How to Find the Author of a Website

By Jacob Andrew

In the age of questionable online content, it's key to verify that the sources you're reading are credible ones. Many websites may obscure the author's name, either by accident or design. You can, however, find information about the author by emailing the site owner, performing a special search, and even searching for that text elsewhere.

Finding Clues in the Text

Some disreputable websites intentionally remove author attribution when the text is illegally reprinted without permission, but search engines can help you find the original author. To do this, copy a significant portion of the article -- approximately 15-30 words worth of the content -- and paste it into the search bar. Place quotation marks on either end of the pasted text, then click the search button. Many of the best search engines will turn up the source of the text among its top results.

WHOIS That Author

Another tool for tracking down the author is the Internet Corporation for Assigned Names and Numbers WHOIS database.
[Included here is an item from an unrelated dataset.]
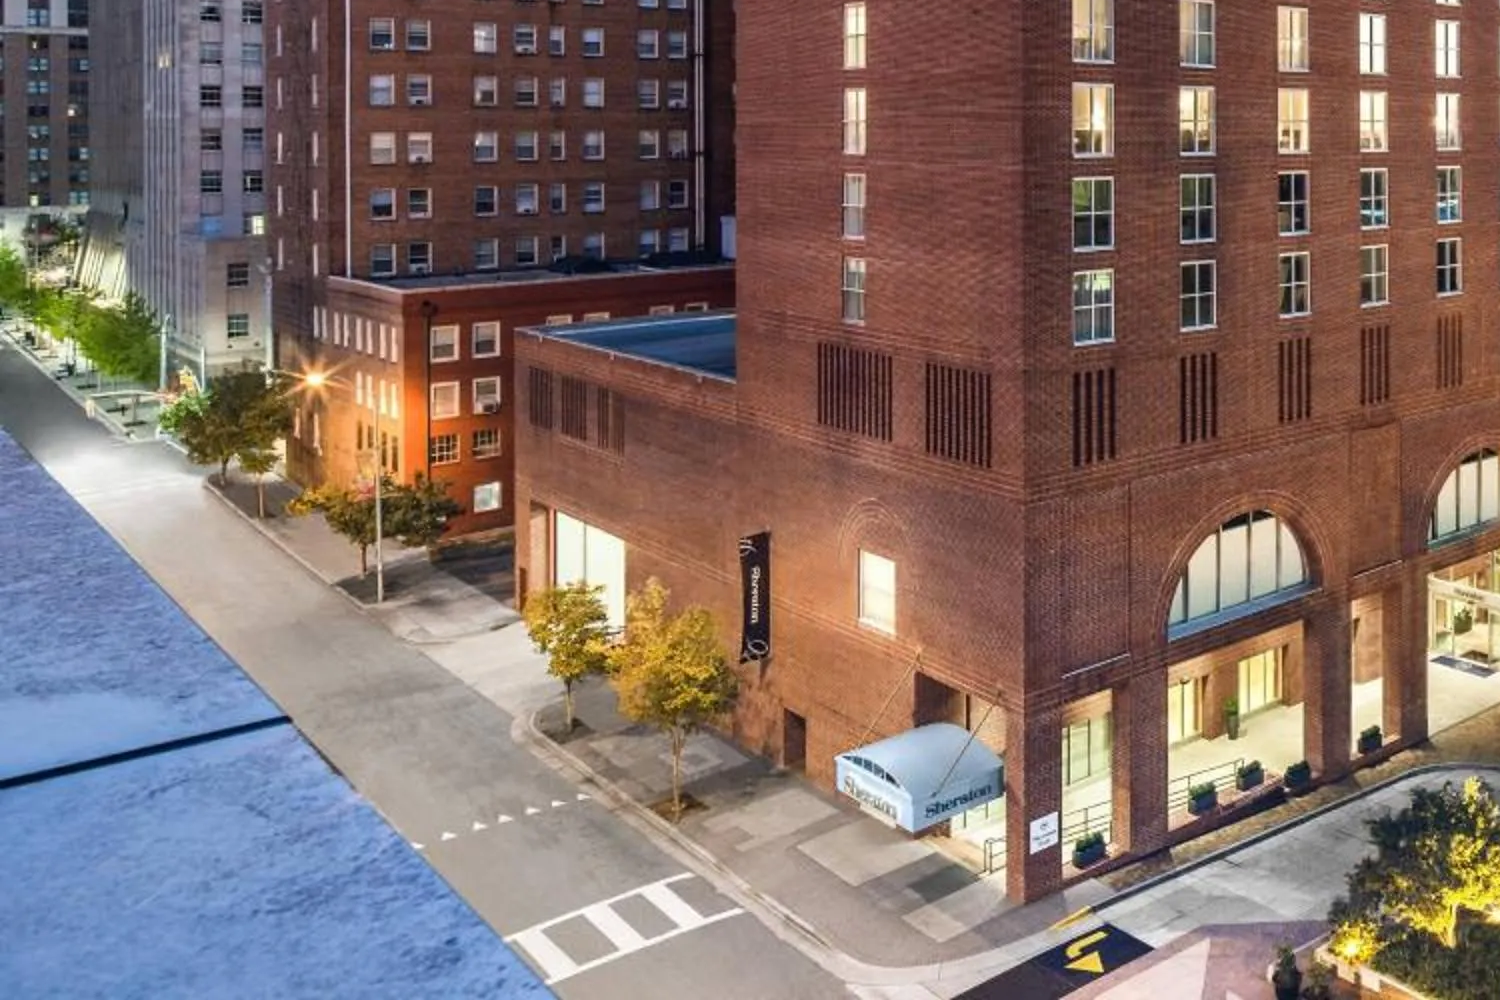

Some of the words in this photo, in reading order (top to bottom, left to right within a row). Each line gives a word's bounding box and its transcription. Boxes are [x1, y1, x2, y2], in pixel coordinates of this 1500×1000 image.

[750, 565, 761, 625] Sheraton
[843, 775, 898, 820] Sheraton
[925, 783, 992, 818] Sheraton
WHOIS information is information required whenever a domain name is purchased from a domain registrar. For websites owned by a single author, this could not only yield a name, but also relevant contact information. However, this isn't a sure thing -- the owner of the domain may not be necessarily the author of the content, so more work is likely required to find the author name. Website owners may also use a proxy service that hides the owner's information from all except law enforcement.

It Never Hurts to Ask

Many organization simply forget to attribute the article to a single person. News organizations, in particular, can post articles under a "staff" account, even if there was one primary author working on the article. In these instances, you'll need to contact the editorial staff or the listed owner of the website and ask who the official author was. News organizations and smaller blogs, particularly, are often happy to oblige. If you cannot find contact information on the website or through a WHOIS lookup, try leaving a comment at the end of the article.

Sifting Through Code

When all else fails, you can also attempt to look through the raw code of a website. Many modern content management systems actually include username information, even if that information is not openly published. By viewing the source code of the page, it's possible to find clues about the authorship hidden in otherwise unused meta tags. The option to view the page source is available as a context-click item in most major browsers (see Resources).